This question had been asked for many times and I've read the solution and did it myself.
Tom the cat is chasing Jerry the mouse across a table surface 1.5 m off the floor. Jerry steps out of the way at the last second, and Tom slides off the edge of the table at a speed of 5.0 m/s. Where will Tom strike the floor, and what velocity components will he have just before he hits?
I just don't get the question that well. Aren't we taught that the x component doesn't matter? Then why did we use the velocity (5.0m/s) to find out the values...etc?
I just learned about projectile motion today and it was pretty complicated...thank you.
The velocity Tom had in the x direction determines how far away from the base of the table Tom lands. If he simply stepped off he would land at the base of the table. But if he has a velocity, he will land some distance from the base.
I understand that projectile motion can be confusing, but let's break down the question and the reasoning behind using the velocity (5.0 m/s) to find the values.
In this scenario, Tom the cat slides off the edge of the table with an initial velocity of 5.0 m/s. The question asks where Tom will strike the floor and what velocity components he will have just before he hits.
When an object is in projectile motion, it follows a curved path under the influence of gravity, assuming no other forces are acting on it.
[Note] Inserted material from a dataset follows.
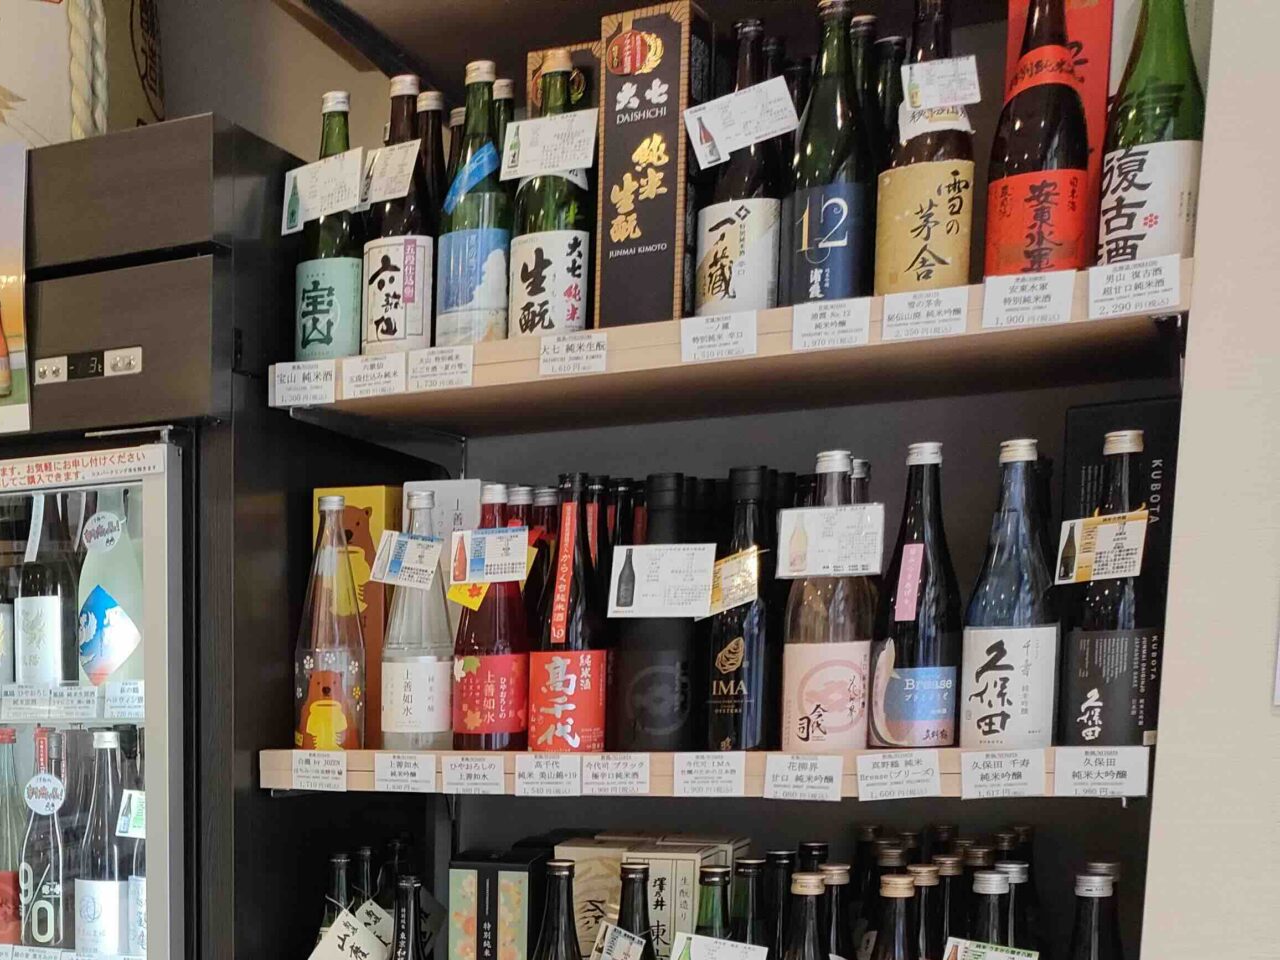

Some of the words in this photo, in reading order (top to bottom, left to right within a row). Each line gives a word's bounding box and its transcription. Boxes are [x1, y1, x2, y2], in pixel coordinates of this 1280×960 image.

The motion can be divided into two components: horizontal (x-direction) and vertical (y-direction).
While it is true that the x-component of the velocity does not affect the time of flight or the vertical motion, it does affect the horizontal distance traveled. In this case, since Tom slides off the table horizontally, the x-component of his velocity is relevant.
To solve this problem, we need to consider the vertical motion of Tom. Since he starts with an initial velocity of 5.0 m/s in the x-direction and falls freely in the y-direction due to gravity, we can use equations of motion to determine the time of flight and the vertical displacement.
Using the equation y = y0 + v0y * t + 1/2 * g * t^2, where y is the vertical displacement, y0 is the initial height (1.5 m), v0y is the initial vertical velocity (which is 0 m/s since the vertical velocity at the start is 0 in this case), g is the acceleration due to gravity (-9.8 m/s^2), and t is the time of flight, we can calculate the time it takes for Tom to hit the ground.
Next, we can use the equation x = x0 + v0x * t, where x is the horizontal distance traveled, x0 is the initial horizontal position (which is also 0 in this case), v0x is the initial horizontal velocity (which is 5.0 m/s), and t is the time of flight to calculate the horizontal distance.
The point where Tom strikes the floor will have a horizontal distance (x-coordinate) from the table edge and a vertical displacement (y-coordinate) below the table surface. These values can be found using the equations mentioned above.
Finally, to determine the velocity components just before Tom hits the floor, we can use the equations of motion. The x-component of the velocity will remain constant at 5.0 m/s since there is no horizontal force acting on Tom. The y-component of the velocity will change due to acceleration from gravity and can be calculated using the equation v = v0 + g * t, where v is the final vertical velocity and v0 is the initial vertical velocity.
By plugging in the calculated values of time and initial velocities into the equations mentioned above, we can find the x and y velocity components just before Tom hits the floor.
So, to summarize, we need to consider the x-component to find the horizontal distance traveled by Tom. We can use the equations of motion to calculate the time of flight and vertical displacement. The point of impact can be found by combining the horizontal distance and vertical displacement. Finally, the velocity components just before hitting the floor can be determined by considering the x and y motion separately.